Nos tomó un tiempo invitar gente, ya que no teníamos ni mesa, ni sofá, ni sillas. Pero después de un tiempo, amigos y familiares se colaron trayendo muebles, instalando persianas o prestándonos una cortadora de césped. Mi esposo los guiaba en un gran tour, y todos detallábamos esto y aquello, como hacen los amigos cuando están en verdad felices por el logro del otro. Pero sin poder evitarlo, para la hora en la que nuestros seres queridos salían de casa, muchos habían dejado comentarios degradantes sobre nuestro vecindario, y cada palabra se enconaba como una astilla en mi piel.
Las preguntas más comunes que me hicieron fueron: ¿Se sienten seguros aquí? y ¿Salen a correr solos?
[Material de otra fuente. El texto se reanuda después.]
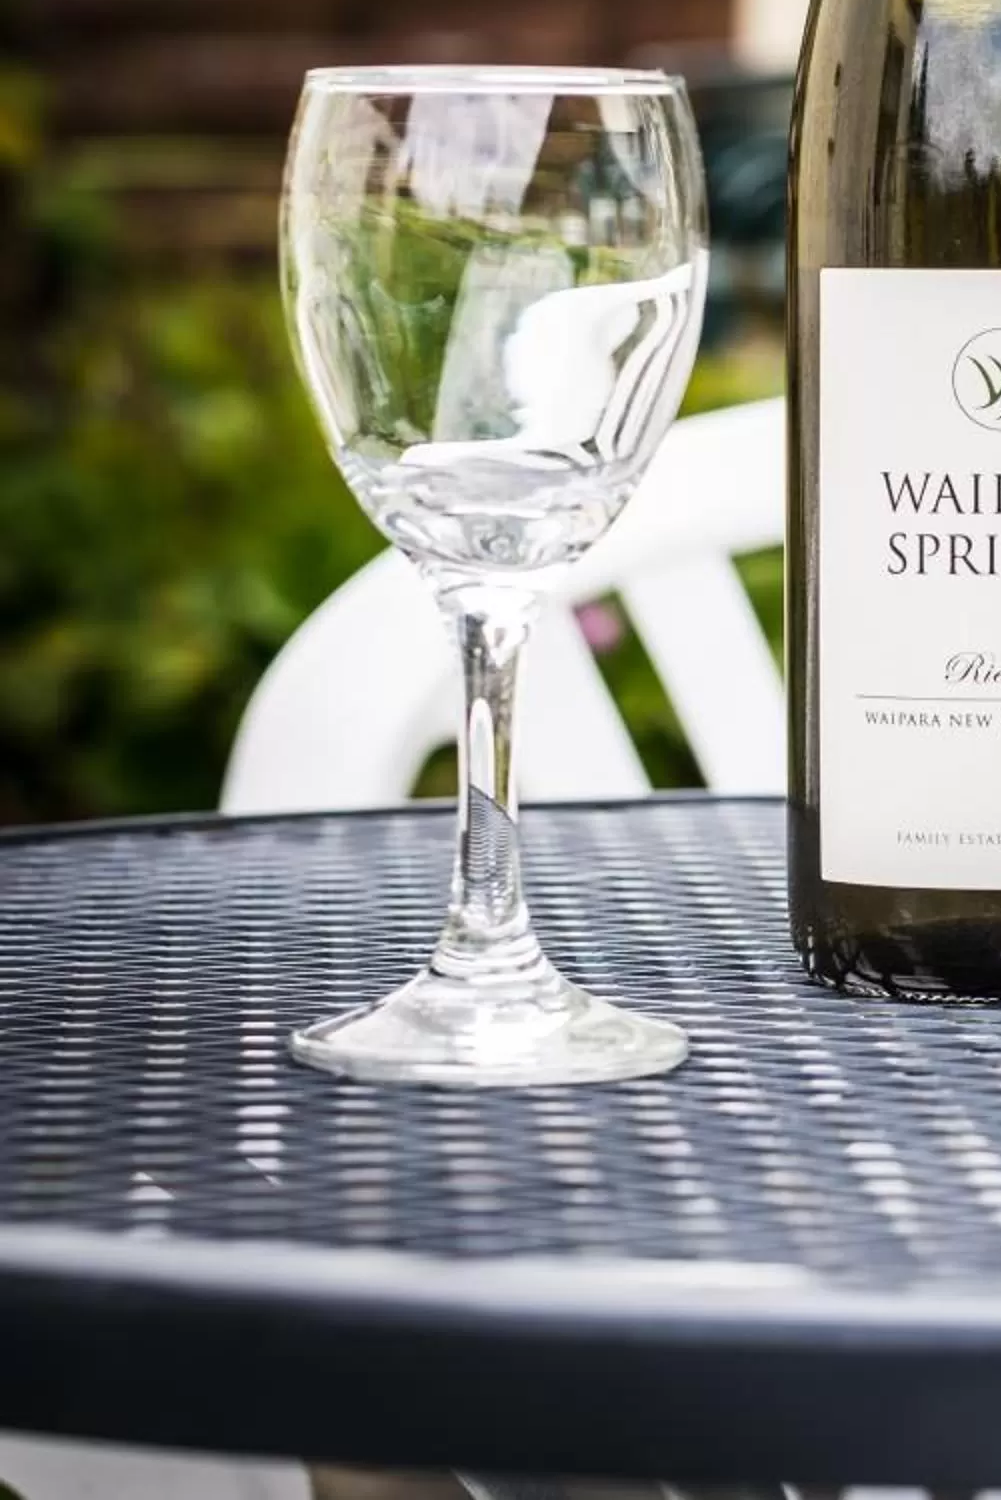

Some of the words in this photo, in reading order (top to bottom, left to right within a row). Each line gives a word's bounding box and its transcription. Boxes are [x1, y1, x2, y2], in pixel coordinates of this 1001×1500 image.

[864, 710, 942, 728] WAIPARA
[949, 712, 993, 729] NEW
[896, 830, 950, 846] FAMILY
Un amigo nos censuró por dejar un par de rastrillos en nuestro porche trasero, porque “alguien se los robará”. Un miembro de la familia le dijo a otro que vivíamos en “el gueto”, y que tenía miedo de acompañar a sus hijos desde el automóvil hasta mi puerta. Alguien más bromeó diciendo que mi esposo y yo éramos “casi misioneros” en nuestro vecindario. No me sorprendería que mis amigos y familiares ya no recuerden estos comentarios, tan casuales y poco pertinentes, pero yo los recuerdo todos.
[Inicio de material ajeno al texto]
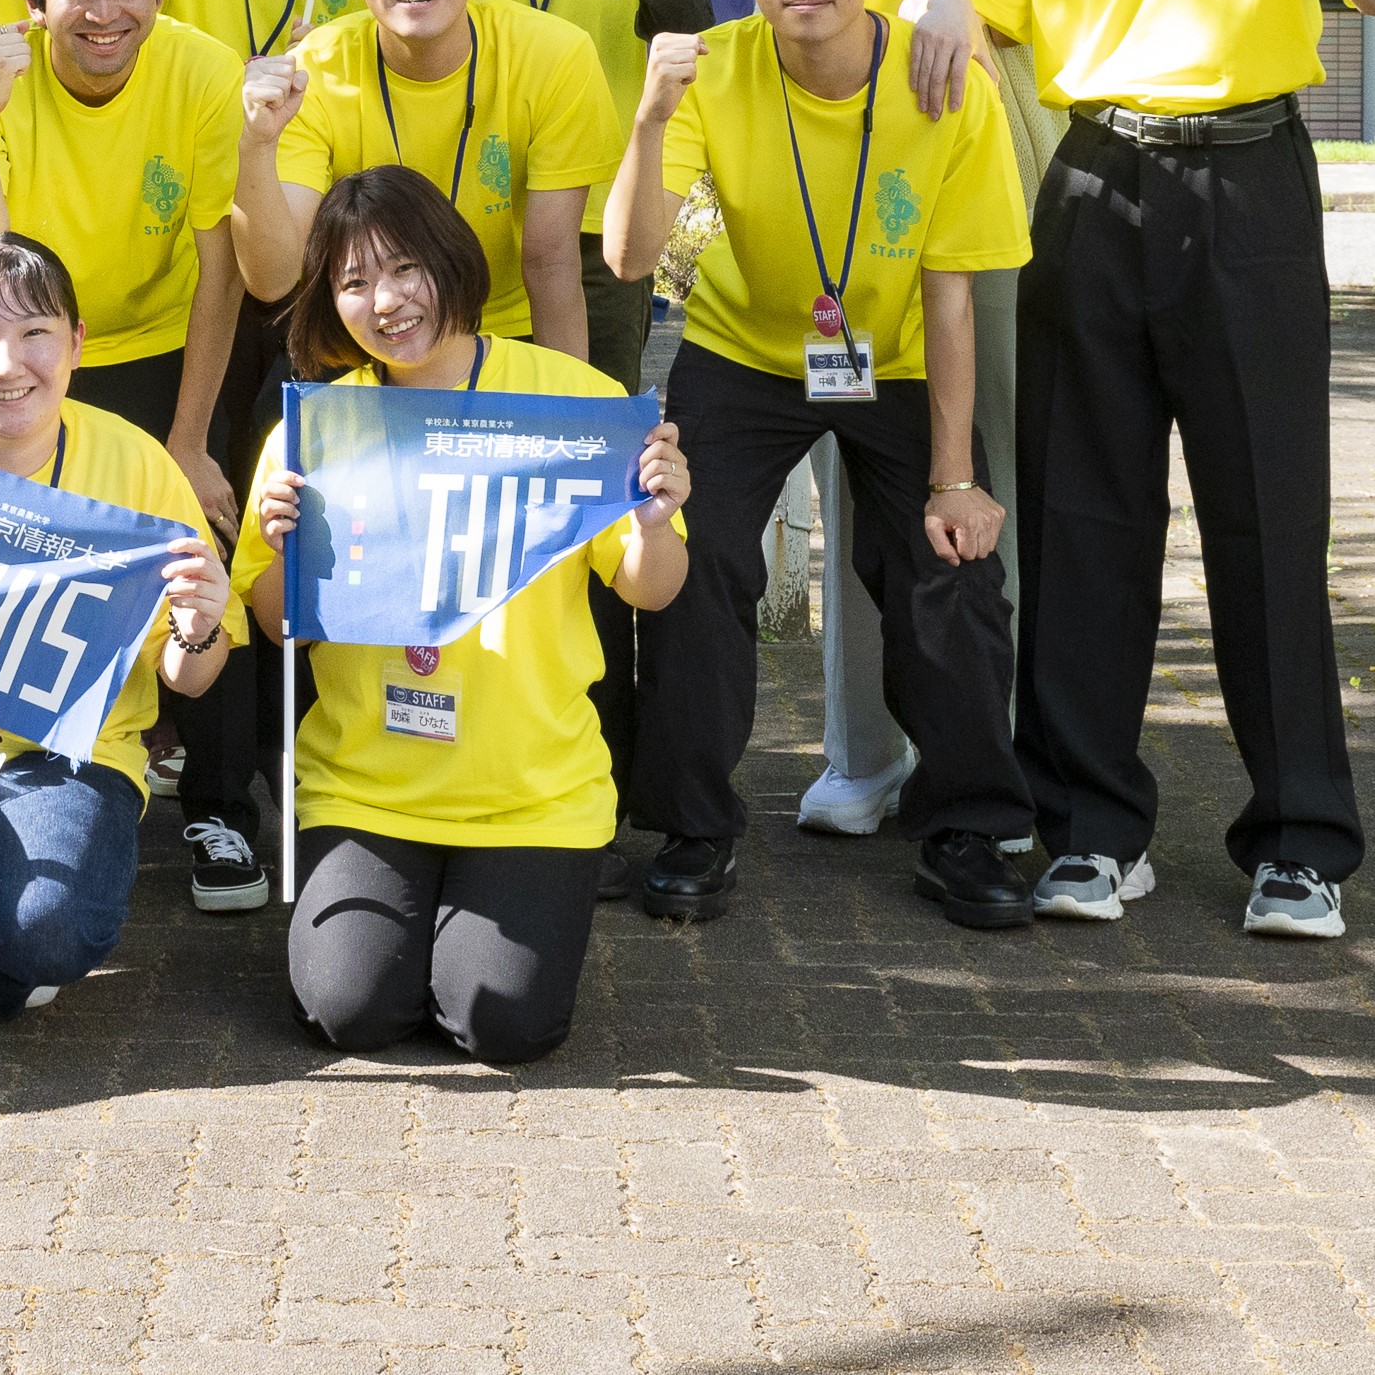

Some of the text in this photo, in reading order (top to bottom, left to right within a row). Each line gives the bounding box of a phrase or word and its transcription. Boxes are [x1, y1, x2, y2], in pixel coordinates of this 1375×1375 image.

[485, 201, 511, 214] STA
[870, 243, 916, 258] STAFF
[813, 309, 837, 322] STAFF
[831, 354, 854, 367] STA
[425, 417, 459, 427] 学校法人
[423, 431, 607, 461] 東京情報大学
[412, 691, 446, 708] STAFF
[419, 715, 449, 730] ひなた
Nuestra casa está ubicada en un vecindario de bajos ingresos, que muchas personas consideran un adefesio de la ciudad. Aunque hay una amplia gama de ingresos aquí, la media es de unos $27.000, y la mayoría de nuestros vecinos llegaron hasta la escuela secundaria y hacen labores administrativas, de servicio de comidas y de mantenimiento de casas. La mayoría de las familias viven alquiladas y están lideradas por madres solteras. La escuela intermedia al final de mi calle es una escuela de Título 1 que proporciona almuerzo gratis a dos de cada tres estudiantes, y sus pasillos se vacían cada año a medida que los padres tratan de encontrar mejores oportunidades para sus hijos. Es probable que nuestros visitantes no conozcan estas estadísticas, pero sacan sus conjeturas de las casas cerradas con tablas y los almacenes vacíos, los olvidados huecos en las calles, la basura esparcida sobre la hierba y las aceras, y la gente que utiliza el transporte público.
Muchos habían dejado comentarios degradantes sobre nuestro vecindario, y cada palabra se enconaba como una astilla en mi piel.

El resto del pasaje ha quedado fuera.